Without the pictures, output all of the data exactly.

* _PROVIDED INFORMATION_
----------------
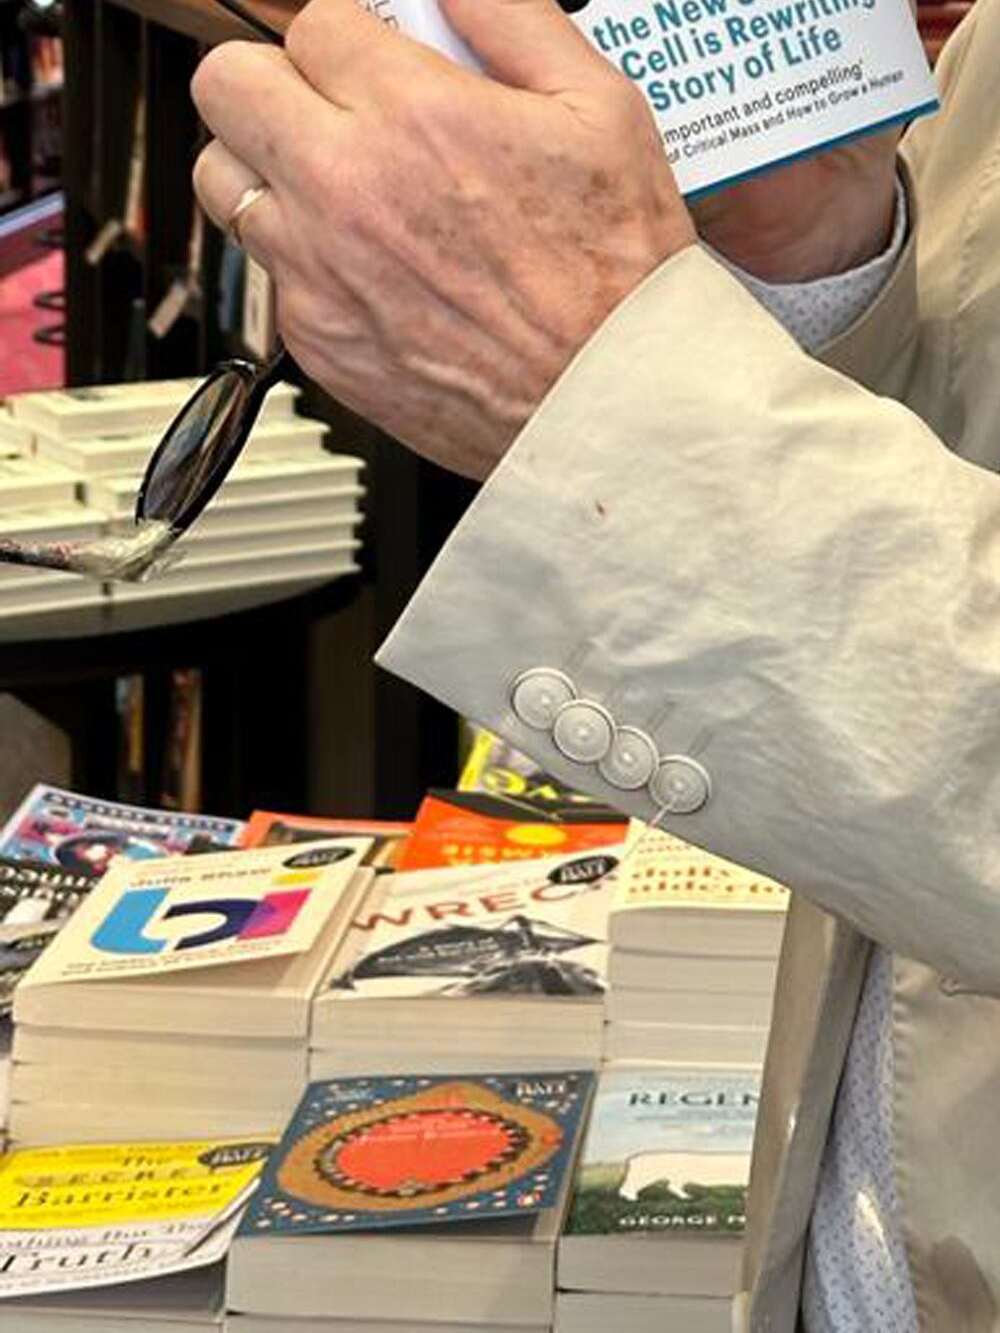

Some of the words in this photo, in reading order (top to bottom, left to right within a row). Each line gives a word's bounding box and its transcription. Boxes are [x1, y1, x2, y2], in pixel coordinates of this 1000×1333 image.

[592, 13, 650, 52] the
[620, 32, 689, 81] Cell
[689, 28, 722, 59] is
[648, 62, 738, 112] Story
[743, 45, 777, 79] of
[781, 23, 843, 66] Life
[682, 129, 730, 159] Critical
[729, 121, 762, 143] Mass
[762, 111, 786, 131] and
[785, 102, 813, 121] How
[828, 87, 860, 106] Grow
[743, 90, 773, 118] and
[12, 1182, 231, 1208] Barrister
[618, 1216, 717, 1227] GEORGE
----------------
* _OUTPUT OF THE TASK_
Some of the words in this photo, in reading order (top to bottom, left to right within a row). Each line gives a word's bounding box and its transcription. Boxes are [x1, y1, x2, y2], in pixel coordinates of this 1000×1333 image.

[592, 13, 650, 52] the
[620, 32, 689, 81] Cell
[689, 28, 722, 59] is
[648, 62, 738, 112] Story
[743, 45, 777, 79] of
[781, 23, 843, 66] Life
[682, 129, 730, 159] Critical
[729, 121, 762, 143] Mass
[762, 111, 786, 131] and
[785, 102, 813, 121] How
[828, 87, 860, 106] Grow
[743, 90, 773, 118] and
[12, 1182, 231, 1208] Barrister
[618, 1216, 717, 1227] GEORGE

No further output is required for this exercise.